* About this task:
Lines before the one containing "this 1280×1281 image." are not copied; that line and every one after it, through the end of the material below, are printed exactly, without pictures.

── Record excerpts

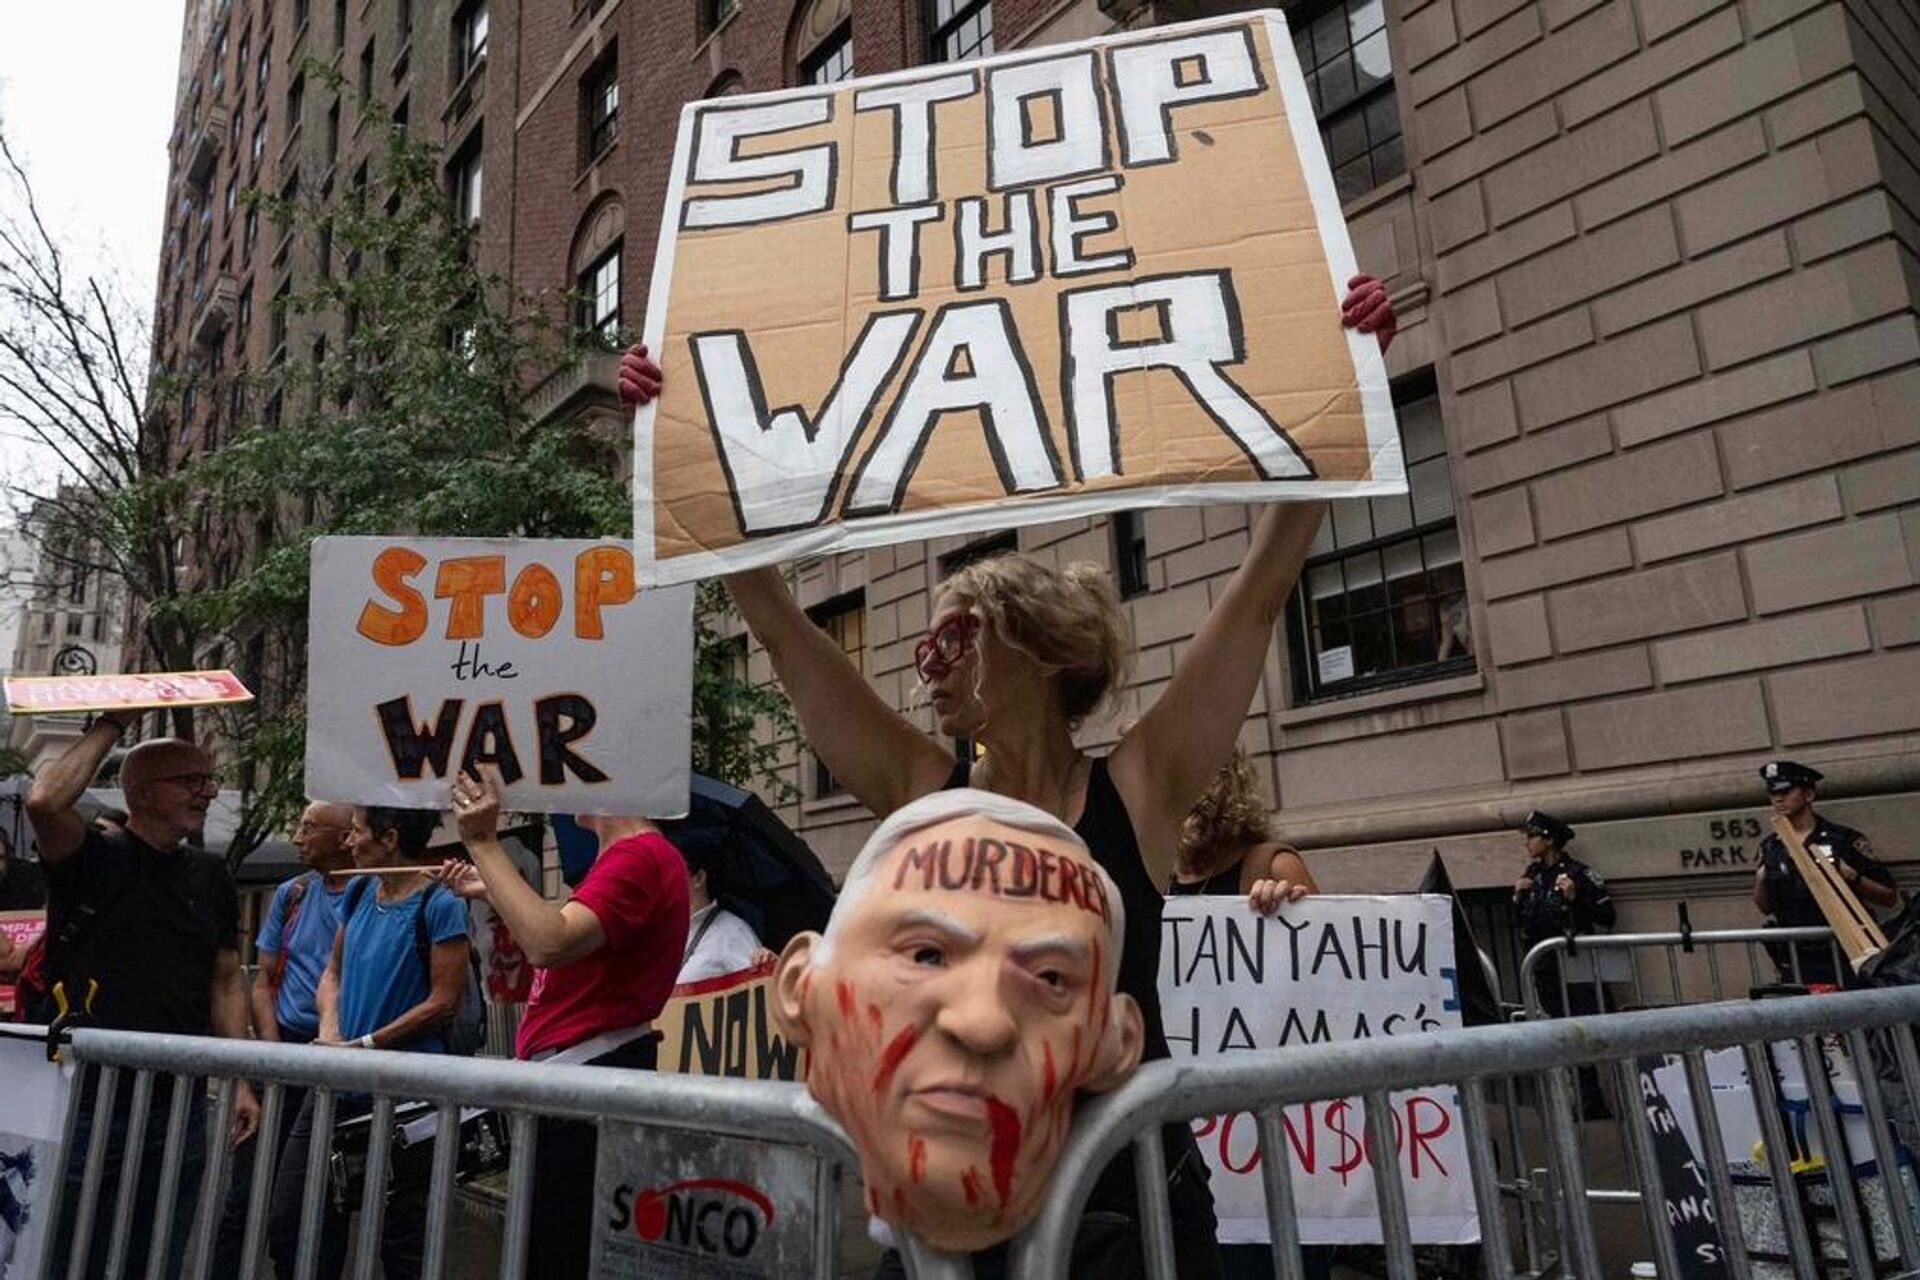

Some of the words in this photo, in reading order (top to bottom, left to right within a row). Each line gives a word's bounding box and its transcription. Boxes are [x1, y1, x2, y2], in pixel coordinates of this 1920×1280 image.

[678, 24, 1268, 231] STOP
[848, 174, 1135, 301] THE
[687, 268, 1317, 537] WAR
[357, 546, 636, 646] STOP
[451, 641, 518, 680] the
[376, 694, 612, 785] WAR
[1681, 846, 1747, 867] PARK
[1710, 818, 1761, 840] 563
[679, 986, 799, 1081] NOW
[610, 1184, 757, 1257] SONCO
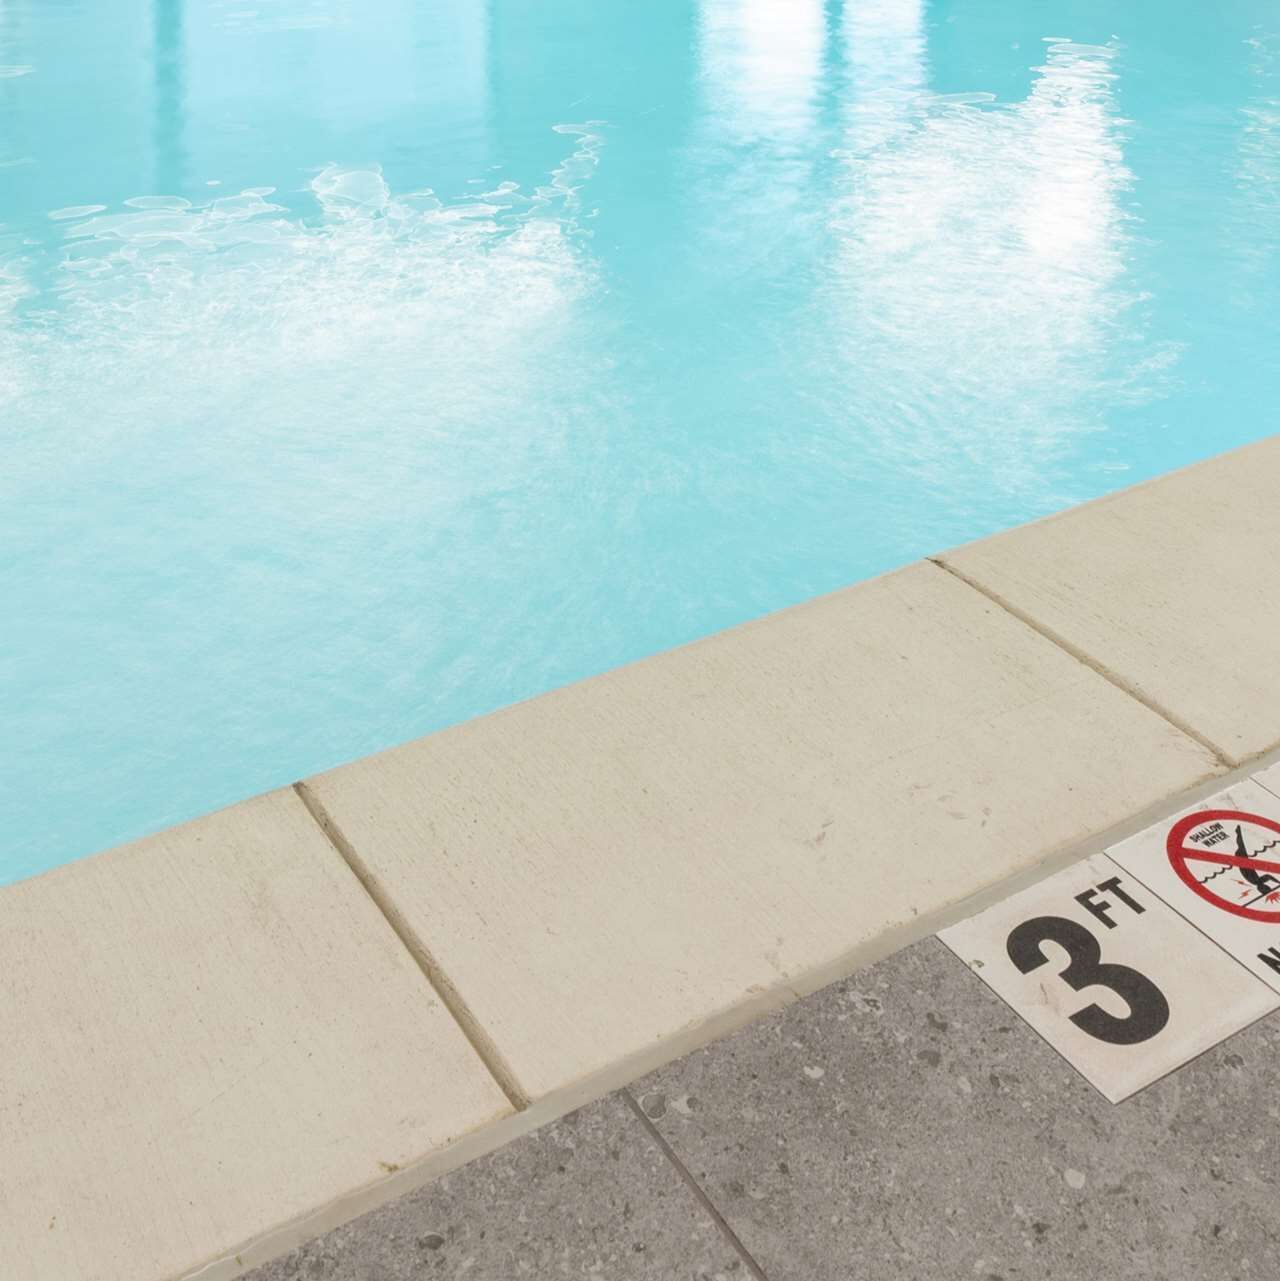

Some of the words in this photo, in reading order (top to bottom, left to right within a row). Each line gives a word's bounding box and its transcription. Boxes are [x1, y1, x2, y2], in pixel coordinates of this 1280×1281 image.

[1189, 822, 1224, 843] SHALLOW
[1202, 831, 1231, 848] WATER
[1074, 876, 1147, 931] FT
[1005, 914, 1171, 1046] 3
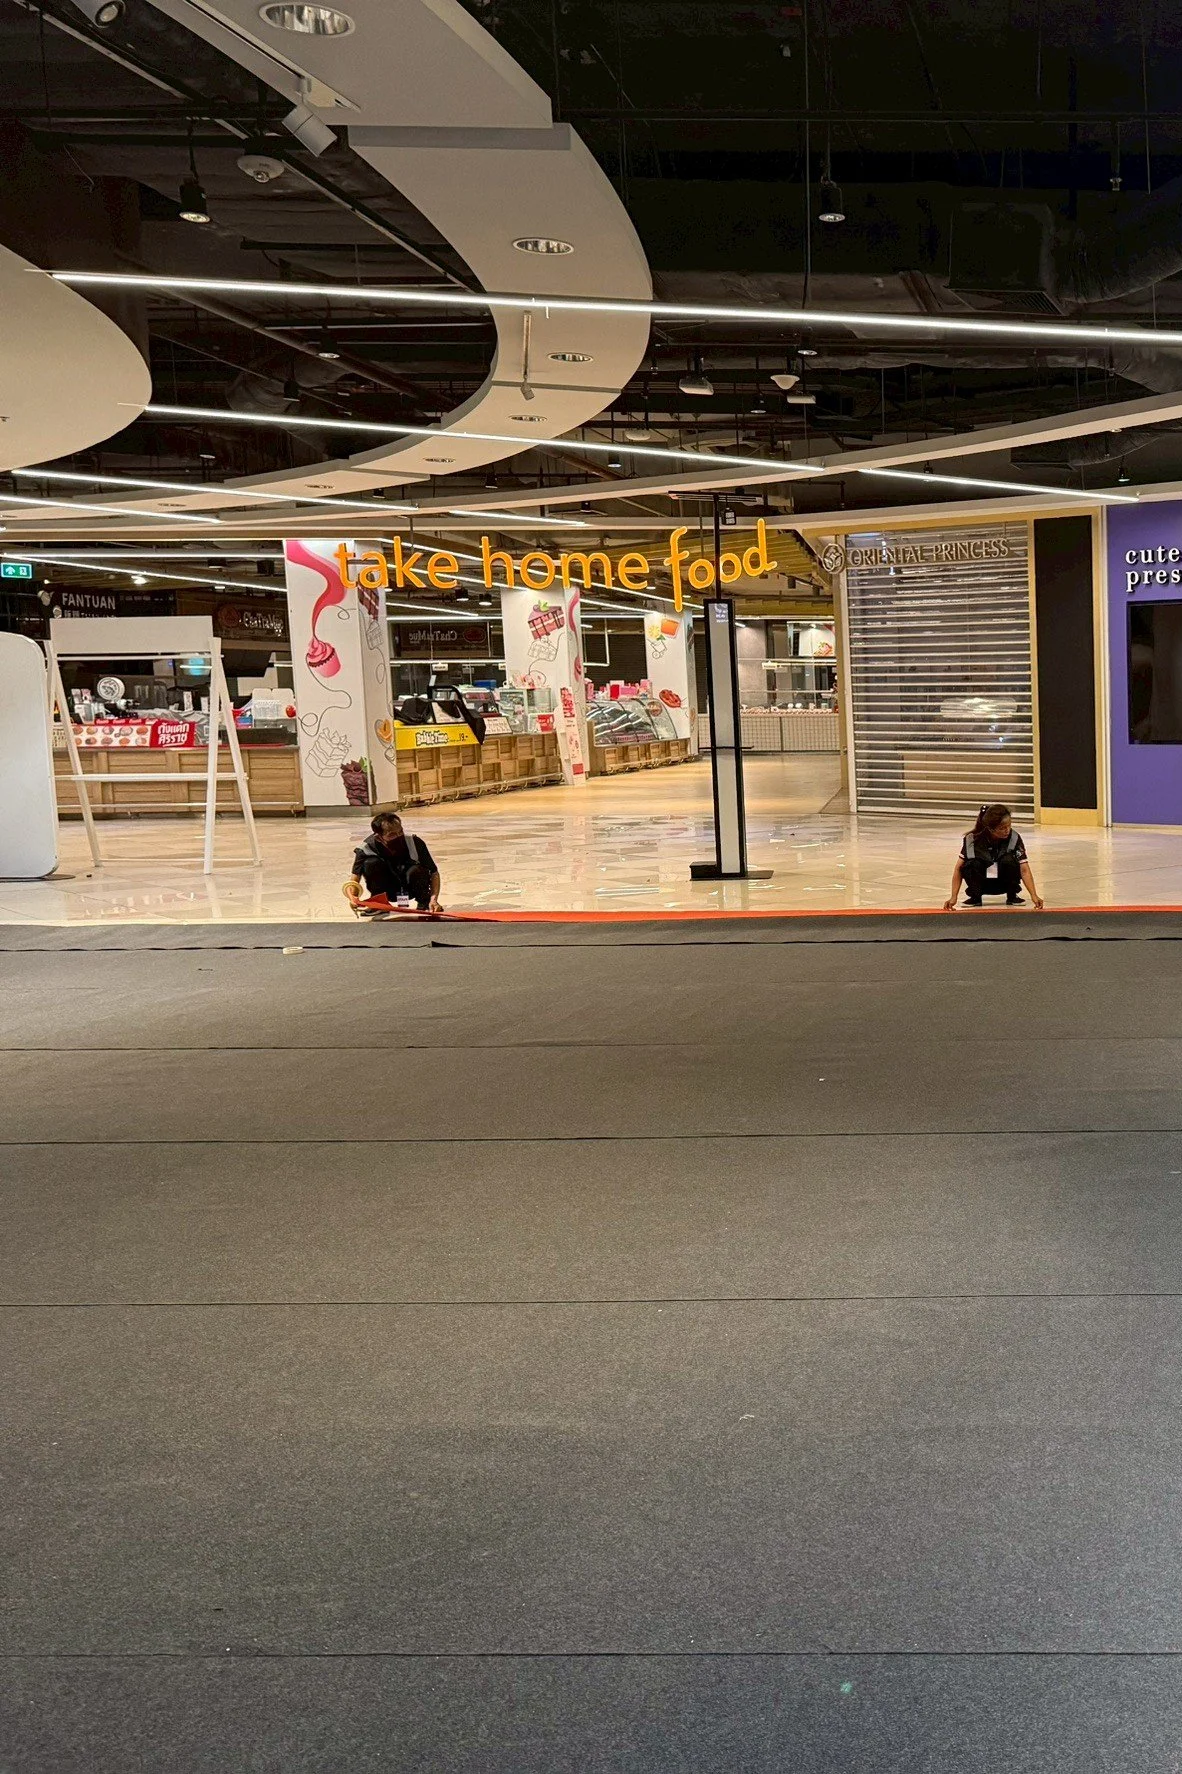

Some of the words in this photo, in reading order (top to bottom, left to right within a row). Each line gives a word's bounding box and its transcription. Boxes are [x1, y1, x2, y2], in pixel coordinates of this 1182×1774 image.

[850, 546, 926, 567] ORIENTAL
[932, 538, 1010, 562] PRINCESS
[1125, 545, 1182, 565] cute
[333, 535, 459, 590] take
[480, 535, 650, 590] home
[664, 518, 778, 613] food
[62, 592, 117, 610] FANTUAN
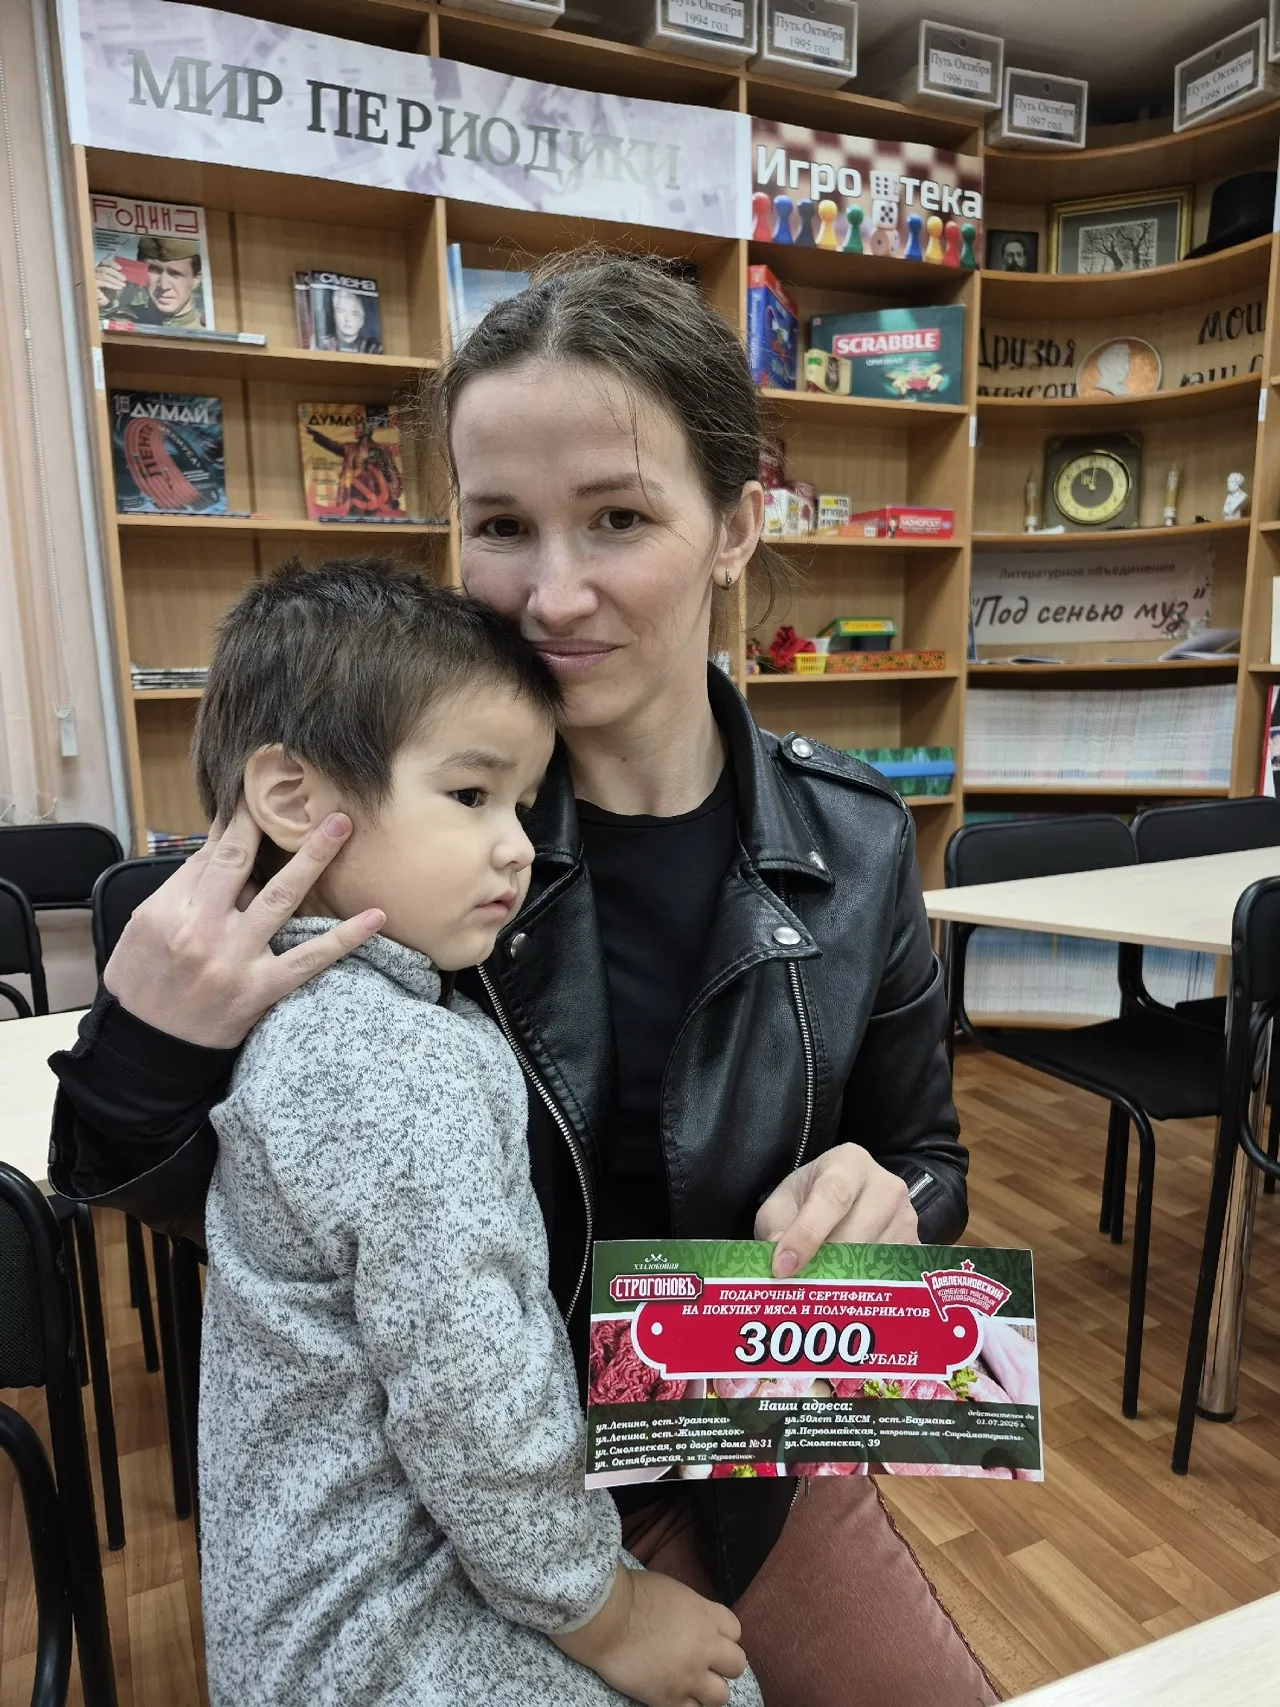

────

* Problem solution:
Some of the words in this photo, in reading order (top to bottom, left to right within a row). Each line gives a word's bounding box and its transcription. Boxes are [x1, y1, x2, y2], in pixel coordinates of this 1280×1281 image.

[1189, 822, 1224, 843] SHALLOW
[1202, 831, 1231, 848] WATER
[1074, 876, 1147, 931] FT
[1005, 914, 1171, 1046] 3

Some of the words in this photo, in reading order (top to bottom, left to right within a row). Each line gives a word's bounding box and its transcription. Boxes are [x1, y1, x2, y2], in pixel coordinates of this 1182×1774 image.

[850, 546, 926, 567] ORIENTAL
[932, 538, 1010, 562] PRINCESS
[1125, 545, 1182, 565] cute
[333, 535, 459, 590] take
[480, 535, 650, 590] home
[664, 518, 778, 613] food
[62, 592, 117, 610] FANTUAN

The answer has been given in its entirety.